Practical brain MRI guidelines for anti-Aβ antibody treatment in early symptomatic Alzheimer’s disease

Shingo Kakeda 1,, Yukio Miki 2, Kohsuke Kudo 3, Harushi Mori 4, Aya M Tokumaru 5, Osamu Abe 6, Shigeki Aoki 7; Working Group for Brain MRI Guidelines for Anti-Aβ Antibody Treatment from The Japan Radiological Society, The Japanese Society for Neuroradiology, and The Japanese Society for Magnetic Resonance in Medicine
PMCID: PMC12287243  PMID: 40266549

Abstract

Purpose

These guidelines aim to support magnetic resonance imaging (MRI) diagnosis in patients receiving anti-amyloid β (Aβ) antibody treatment without restricting treatment eligibility.

Materials and methods

These guidelines were collaboratively established by Japan Radiological Society, The Japanese Society of Neuroradiology, and Japanese Society for Magnetic Resonance in Medicine by reviewing existing literature and the results of clinical trials.

Results

Facility standards should comply with the “Optimal Use Promotion Guidelines” of Japan, and physicians should possess comprehensive knowledge of amyloid-related imaging abnormalities (ARIA) and expertise in brain MRI interpretation. The acquisition of knowledge regarding amyloid-related imaging abnormalities, brain MRI, anti-Aβ antibody introduction, and post-treatment diagnosis are also recommended.

Conclusion

These guidelines facilitate the accurate diagnosis and effective management of ARIA; ensure the safe administration of anti-Aβ drugs; and provide a framework for MRI facilities, includes staffing requirements and the use of MRI management systems.

Supplementary Information

The online version contains supplementary material available at 10.1007/s11604-025-01773-x.

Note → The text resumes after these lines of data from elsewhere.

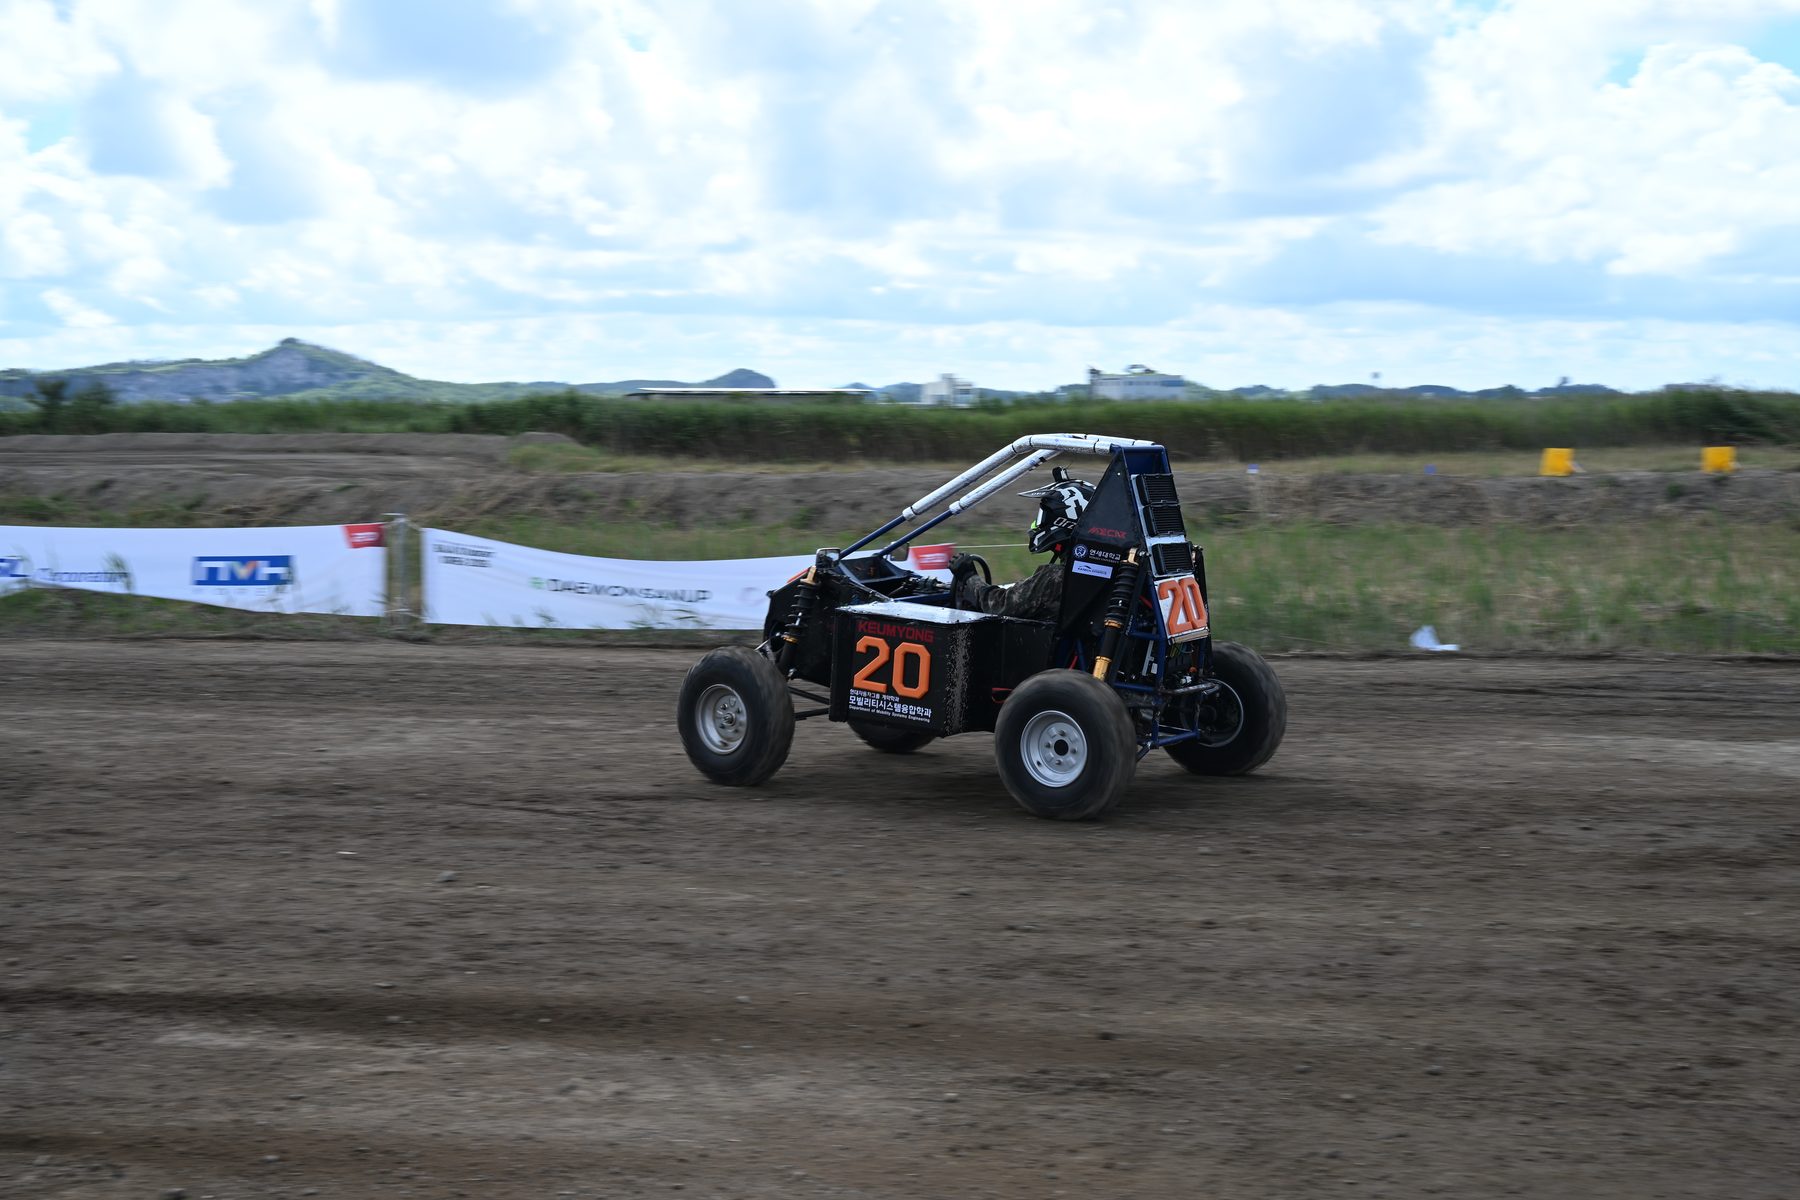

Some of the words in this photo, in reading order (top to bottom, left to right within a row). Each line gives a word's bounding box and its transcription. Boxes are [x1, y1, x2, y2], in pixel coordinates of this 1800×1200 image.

[1089, 548, 1121, 561] 연세대학교
[1158, 577, 1208, 635] 20
[856, 620, 936, 642] KEUMYONG
[853, 635, 931, 699] 20
[849, 695, 932, 718] 모빌리티시스템융합학과
[849, 705, 870, 713] Department
[908, 715, 930, 723] Engineering
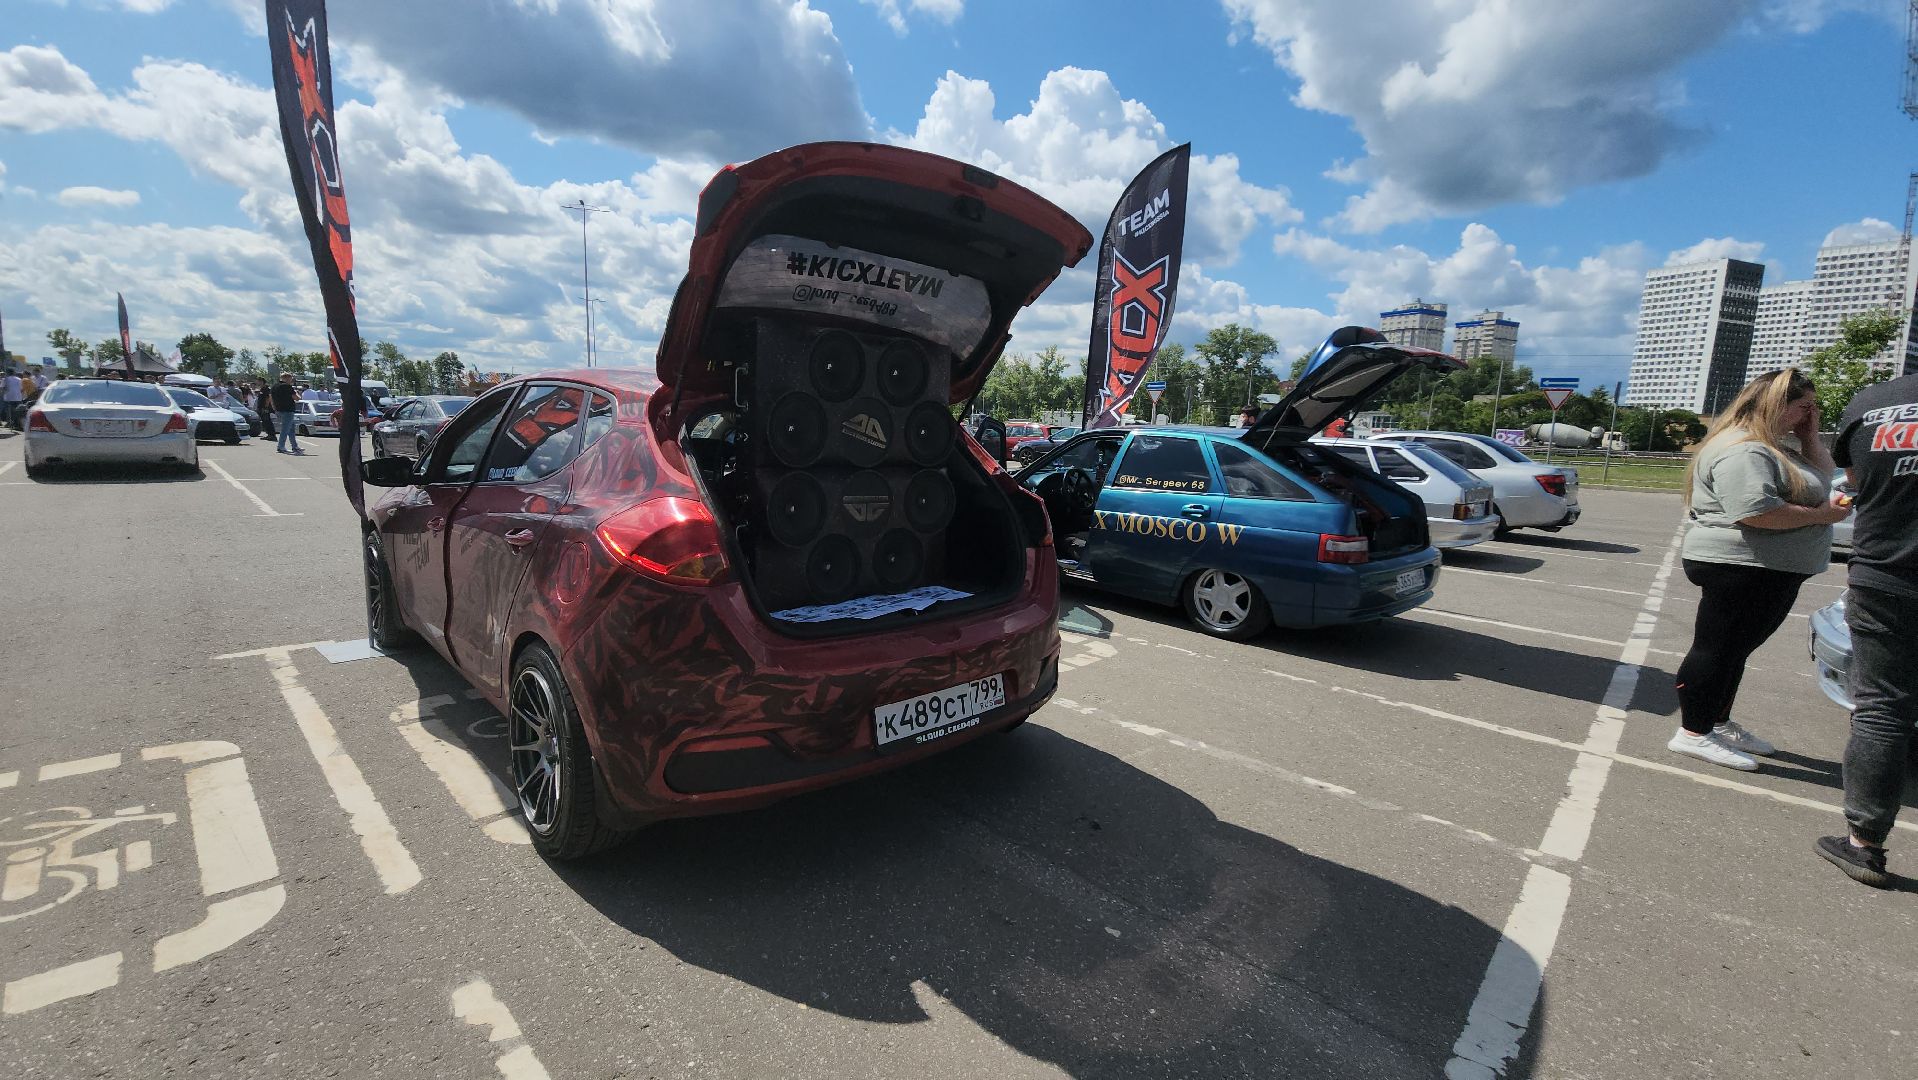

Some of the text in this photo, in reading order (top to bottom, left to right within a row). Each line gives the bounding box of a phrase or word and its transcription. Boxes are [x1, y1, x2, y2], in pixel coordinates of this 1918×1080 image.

[1118, 188, 1170, 236] TEAM
[1865, 405, 1918, 423] GET S
[1871, 422, 1918, 451] KI
[1191, 481, 1205, 490] 68
[1116, 513, 1207, 543] MOSCO
[1216, 522, 1247, 546] W
[971, 677, 998, 703] 799
[980, 700, 994, 710] RUS

Keywords: Guidelines, Brain, Magnetic resonance imaging, Anti-amyloid beta antibody treatment, Alzheimer's disease, Amyloid-related imaging abnormalities

Introduction

For the treatment of early Alzheimer’s disease (AD), the Food and Drug Administration approved anti-amyloid β (Aβ) monoclonal antibodies: lecanemab (LeqembiTM) on July 6, 2023, and donanemab (Kisunla) on July 2, 2024. In Japan, lecanemab was approved by the Japanese regulatory authorities on September 25, 2023, and was covered by the Japanese health insurance on December 20 [1]. More recently, in Japan, medication coverage for donanemab became available on November 24, 2024. Randomized clinical trials have shown that the use of anti-Aβ antibodies is associated with magnetic resonance imaging (MRI) signal abnormalities treatment-related adverse events called amyloid-related imaging abnormalities (ARIA) [211]. Given that the presence of any hemorrhage on initial MRI (anti-Aβ antibody introduction MRI) increases the risk of ARIA [12], the detection of cerebral microbleeds and superficial hemosiderosis on initial MRI is crucial. During drug treatment, ARIA detection and severity assessment are vital for determining whether to continue, suspend, discontinue, or resume therapy. Consequently, brain MRI plays a vital role in patients considered for anti-Aβ antibody treatment. The roles of MRI include the following: (1) assessment of eligibility for therapy, including differential diagnosis of dementia for initial MRI, and (2) detection and diagnosis of ARIA for follow-up (on- or post-treatment) MRI. Diagnostic imaging physicians are required to possess comprehensive knowledge of ARIA and general skills in interpreting brain MRI findings, including cerebrovascular diseases, brain tumors, inflammatory conditions, traumatic brain injuries, metabolic diseases, and malformations. Although Japan has the highest MRI accessibility worldwide, there are relatively few radiologists specializing in neuroradiology who can detect subtle abnormalities [13].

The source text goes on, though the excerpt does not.